Ansia: un primo antidoto
Posted di drdedalo
“L’ansia è quel che più
uccide l’amore. Crea i fallimenti.
Fa in modo che gli
altri si sentano come tu ti sentiresti
se una persona che sta
affogando si aggrappasse a te.
Vorresti salvarlo ma
sai che, con il suo panico,
potrebbe strangolarti “
Anaïs Nin
Tutti portiamo un cronico fardello di ansia: una sorta di
secondo corpo non visibile ma percepibile internamente.
E’ lì che possiamo andare ogni volta che ci chiedono o ci chiediamo
“come ti senti?”: diamo un’occhiata e sappiamo quanto in pace o in conflitto,
in armonia o in dissonanza, attivati o disattivati siamo.
E’ un giudizio soggettivo che non ha niente a che fare con le
misurazioni esterne: una persona può sembrare calma e sentirsi terribilmente
ansiosa, può dissimulare e nascondere ma, proprio per questo, a volte, essere
ancora più agitata.
Solo coloro che ci conoscono bene sono in grado di cogliere
quei piccoli segnali che fanno la differenza e ci sono frangenti in cui se ne
accorgono prima gli altri, della nostra ansia, perché noi siamo impegnati a
difenderci dalla sua presa e nel tentativo di non sentirla attiviamo quelle
difese che ci sembra che possano allontanarla.
Spesso mi capita di sentire l’ansia di un paziente appena
entra in studio: mi accorgo di qualcosa nel suo respiro… non fluisce come al
solito… ha quelle intermittenze che noto quando parla di cose che lo agitano,
lo preoccupano, lo fanno soffrire.
E’ il suo solito fardello ma oggi pesa di più: più acuto,
appuntito e ingombrante, più difficile da portare.
Ci sono mille fattori che intervengono a modificare la
percezione soggettiva di un sintomo.
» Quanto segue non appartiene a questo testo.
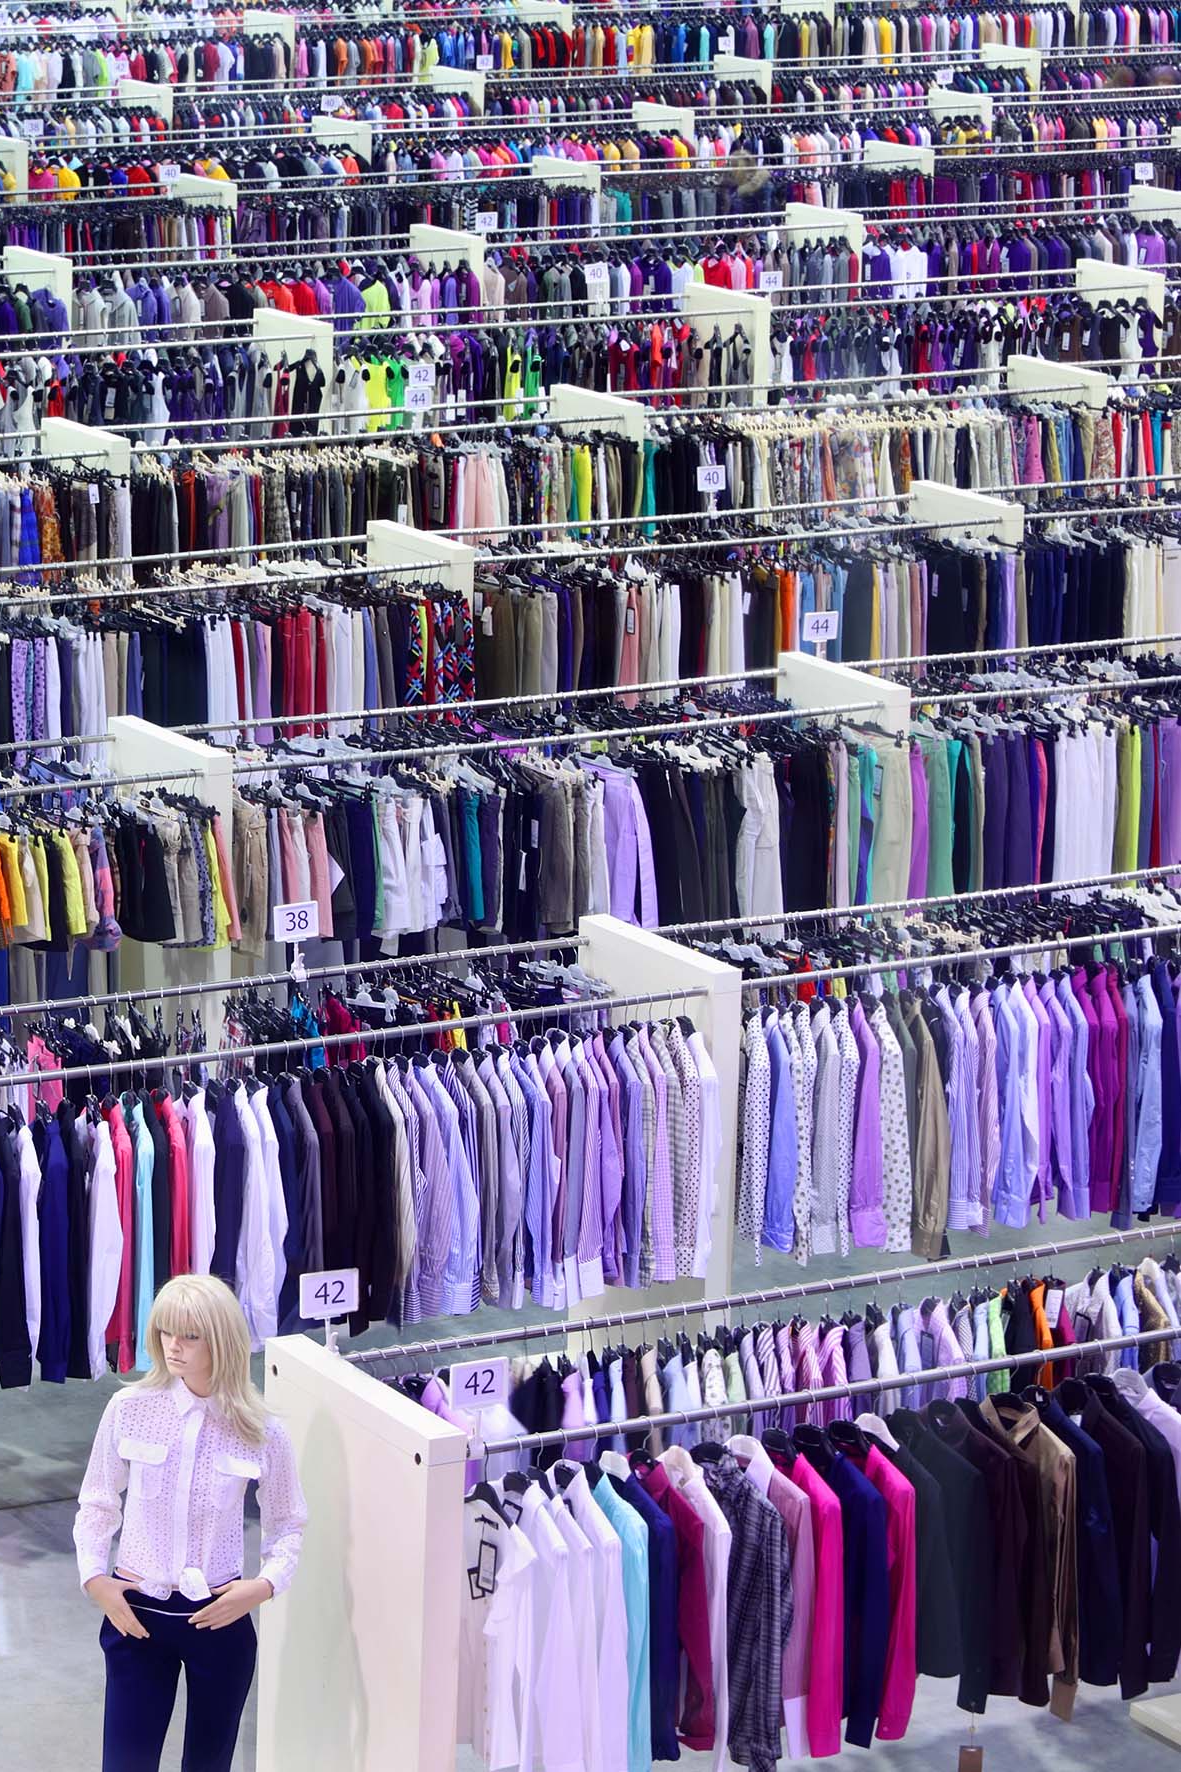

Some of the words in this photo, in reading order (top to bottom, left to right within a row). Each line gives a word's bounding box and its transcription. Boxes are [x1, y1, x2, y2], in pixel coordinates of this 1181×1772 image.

Ci sono momenti in cui quello che sembrava
un piccolo peso ci sembra un macigno insostenibile e altri in cui sentiamo che
niente può piegarci. Dipende dalla durata dello stimolo, dalla quantità di
attenzione che gli dedichiamo (quanti filtri riusciamo a mettere, quanto
riusciamo a distrarci, su cos’altro siamo impegnati), quanto abbiamo riposato,
come abbiamo dormito e sognato, che farmaci abbiamo assunto… tutto questo gioca
un ruolo nel contribuire a cambiare il modo in cui percepiamo, in diversi
momenti, “lo stesso sintomo”.
Che quindi, naturalmente, non è mai “lo stesso”. Cambia in
base a come lo portiamo ed è per questo che in seduta, dopo un po’ che insieme
si osserva un’emozione, uno stato d’animo e la quantità di ansia che li gonfia,
li amplifica o li colora, dopo un po’ che si guarda con attenzione il dolore di
cui il paziente è portatore… quel dolore tende a scomparire: cambia intanto che
viene espresso, si attenua, diventa più sopportabile.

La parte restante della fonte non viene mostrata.